Sauk-Suiattle Indian Tribe sues Seattle over its hydroelectric project on the Skagit River and its impact on Treaty rights

“The Sauk-Suiattle Indian Tribe … sued the City of Seattle over the City’s hydroelectric project on the Skagit River,” according to an opinion filed in the state of Washington’s Court of Appeals. “The Tribe claimed that the City’s promotional campaign alleging that the hydroelectric project produced ‘green’ power was deceptive and violated the Consumer Protection Act … The Tribe also claimed that the City’s actions created a private and public nuisance interfering with the Tribe’s use and enjoyment of its property right to fish on the Skagit River.”

The Tribe had lost in lower court and appealed.

The Appeals Court dismissed the Tribe’s Consumer Protection Act claim, but referred the case back to District Court to consider the Tribe’s fishing rights claim on the Skagit River.

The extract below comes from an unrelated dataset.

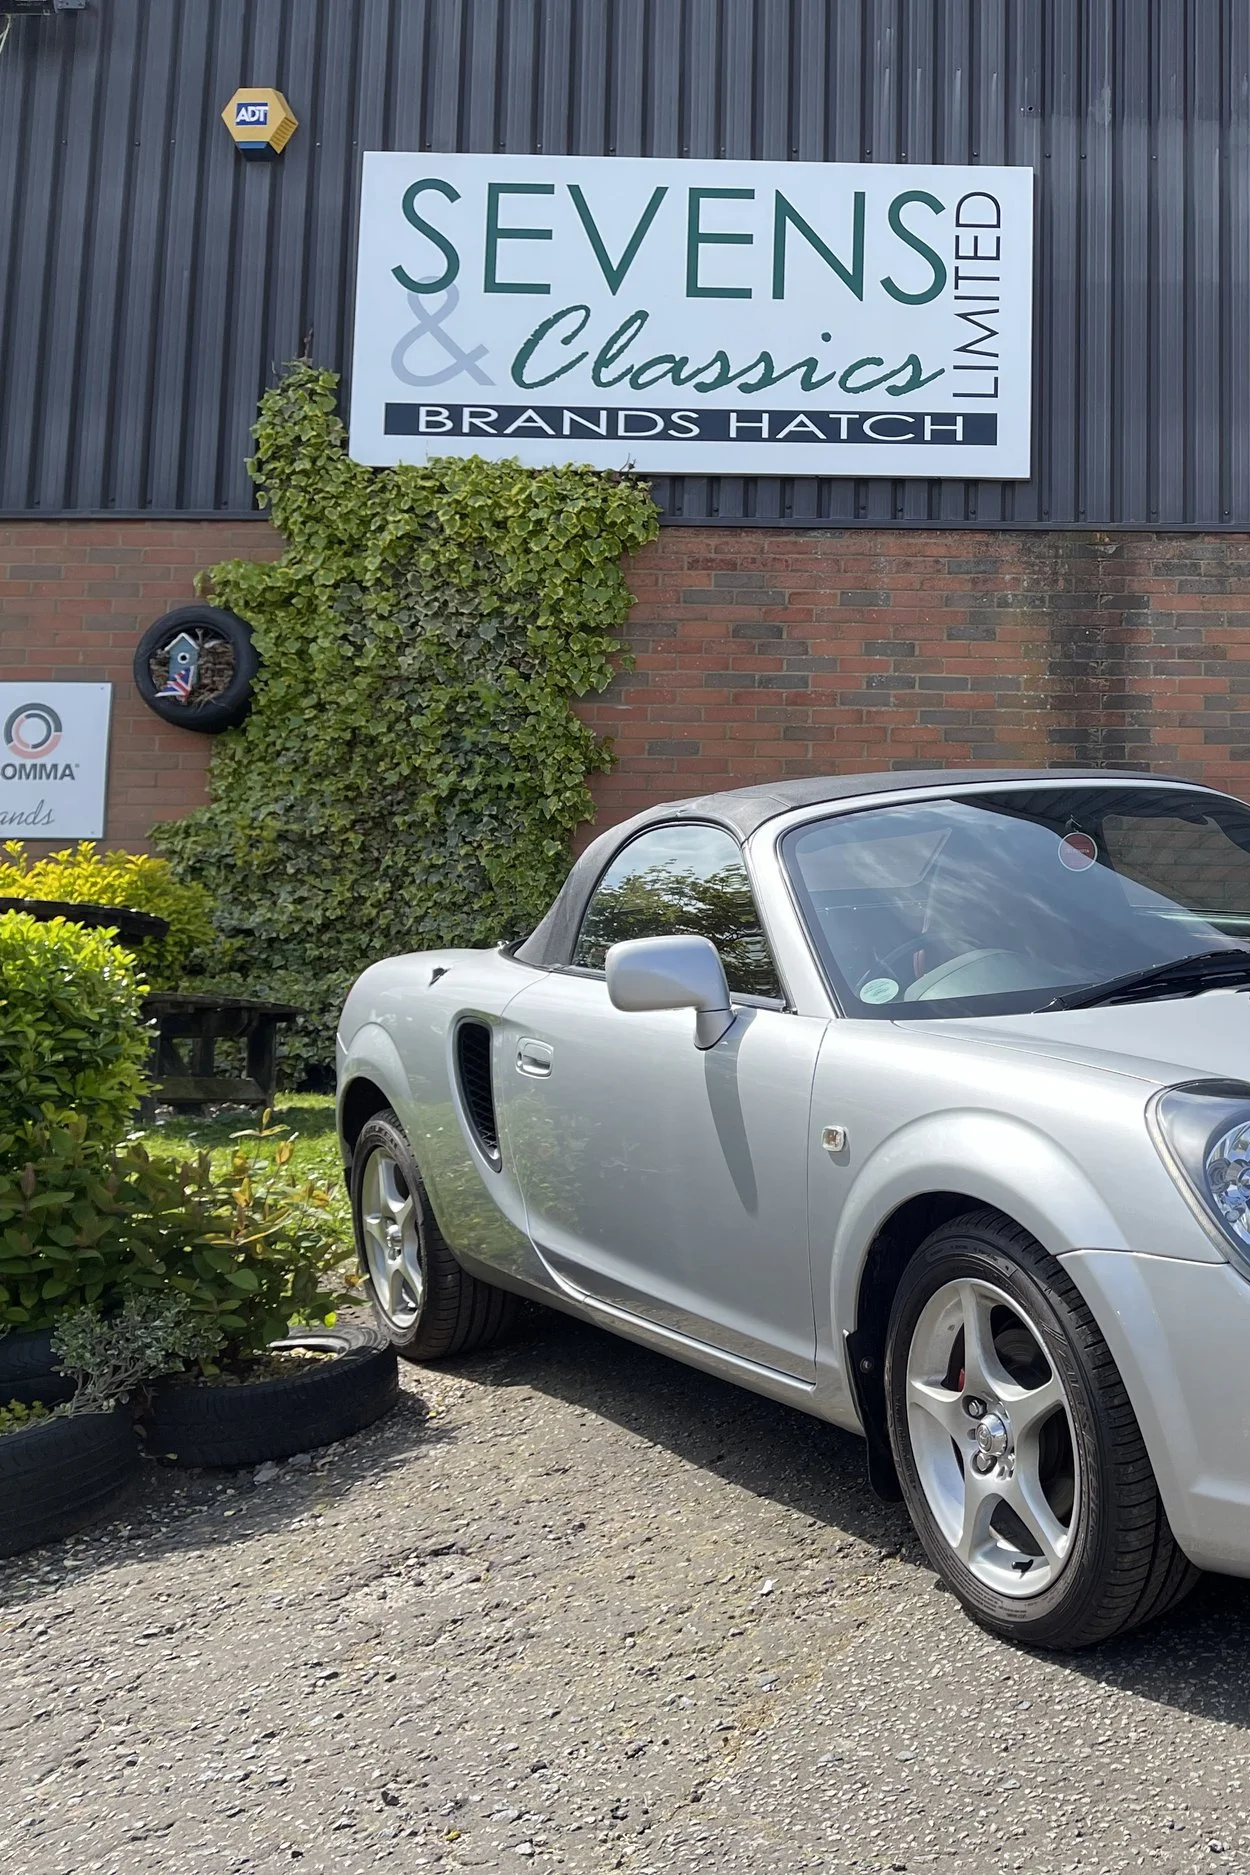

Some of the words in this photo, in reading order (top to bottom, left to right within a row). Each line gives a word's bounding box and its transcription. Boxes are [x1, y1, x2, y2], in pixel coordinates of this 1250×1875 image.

Great Lakes pollution threatens Ojibwe Treaty rights to fish

Ojibwe, Ottawa and Potawatomi communities have fished the Great Lakes for centuries. “The bands retained hunting, gathering and fishing rights across what’s now called the Ceded Territory: portions of three Great Lakes and millions of acres stretching across northwestern Michigan and its Upper Peninsula, northern Wisconsin and northeastern Minnesota,” according to Wisconsin Watch.

Tribes have had to go to court to enforce those rights, which have been hard won.

Today, however, “many see toxic pollution in the Great Lakes as a continued encroachment on how Ojibwe communities exercise those rights,” the story said.

The latest concern is “per- and polyfluoroalkyl substances, or PFAS,” also known as forever chemicals. They are linked to health problems, including cancer.

“The failure of state and federal governments to keep contaminants out of the environment, scholars and environmental advocates say, calls into question their commitment to fully protect Indigenous rights.”

U.S. to focus bison restoration on expanding tribal herds

“U.S. officials will work to restore more large bison herds to Native American lands under a Friday order from Interior Secretary Deb Haaland that calls for the government to tap into Indigenous knowledge in its efforts to conserve the burly animals that are an icon of the American West,” the Star Tribune reported Friday.

One thought on “Native Nations’ ongoing efforts to enforce Treaty rights on health care, and to hunt, fish, and gather on ceded lands

  1. I live in western North Carolina, and thanks to neighbors who are activist Cherokee women, I’ve learned about Enbridge and the despicable actions of some in Minnesota government to violate Indigenous People’s human rights as well as treaty rights and civil rights. As you know, I could have written the same about many, many desecrations of Indigenous People’s rights and the Creation.

    Since President Biden took office and when Democrats controlled both houses of Congress, and since Deb Haaland became Secretary of Interior Haaland, I have been nearly totally disillusioned about any elected leaders’ doing what is right and honorable.
    What besides petitioning and giving money could make a difference?